### Description of the task:
Set down every entry exactly as given. Pictures are to be left out.

### Source data:
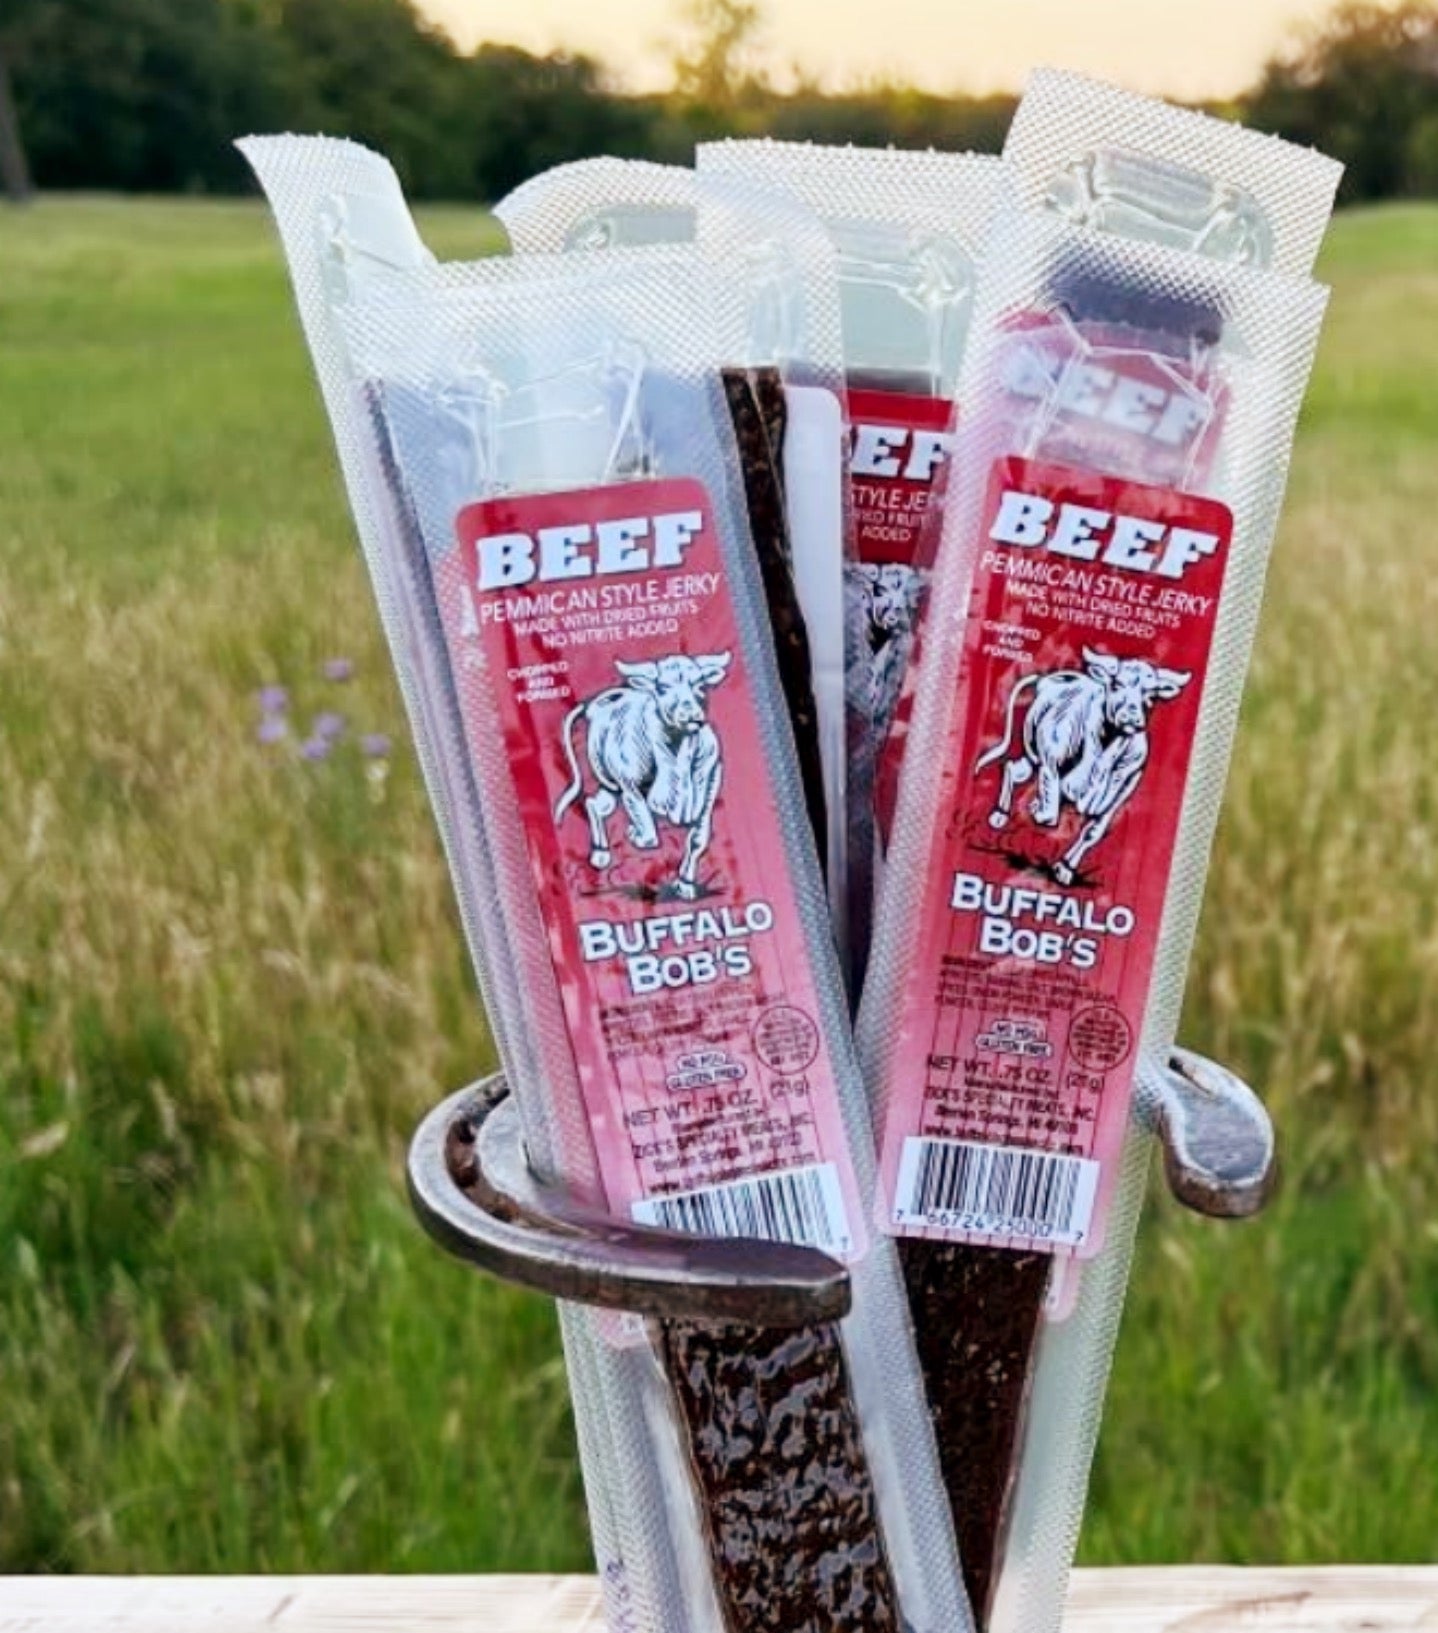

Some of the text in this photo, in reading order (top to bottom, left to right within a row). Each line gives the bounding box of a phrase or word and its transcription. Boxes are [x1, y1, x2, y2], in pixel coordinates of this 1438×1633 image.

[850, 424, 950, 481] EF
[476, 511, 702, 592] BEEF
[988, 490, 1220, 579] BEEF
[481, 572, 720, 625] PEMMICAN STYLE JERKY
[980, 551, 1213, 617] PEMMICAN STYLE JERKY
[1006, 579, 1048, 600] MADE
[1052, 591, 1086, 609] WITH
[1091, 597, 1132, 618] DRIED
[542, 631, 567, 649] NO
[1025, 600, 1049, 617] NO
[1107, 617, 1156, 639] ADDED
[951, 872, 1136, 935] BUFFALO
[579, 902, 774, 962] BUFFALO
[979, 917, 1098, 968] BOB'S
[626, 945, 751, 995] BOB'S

### Response for this exercise:
Some of the text in this photo, in reading order (top to bottom, left to right within a row). Each line gives the bounding box of a phrase or word and its transcription. Boxes are [x1, y1, x2, y2], in pixel coordinates of this 1438×1633 image.

[850, 424, 950, 481] EF
[476, 511, 702, 592] BEEF
[988, 490, 1220, 579] BEEF
[481, 572, 720, 625] PEMMICAN STYLE JERKY
[980, 551, 1213, 617] PEMMICAN STYLE JERKY
[1006, 579, 1048, 600] MADE
[1052, 591, 1086, 609] WITH
[1091, 597, 1132, 618] DRIED
[542, 631, 567, 649] NO
[1025, 600, 1049, 617] NO
[1107, 617, 1156, 639] ADDED
[951, 872, 1136, 935] BUFFALO
[579, 902, 774, 962] BUFFALO
[979, 917, 1098, 968] BOB'S
[626, 945, 751, 995] BOB'S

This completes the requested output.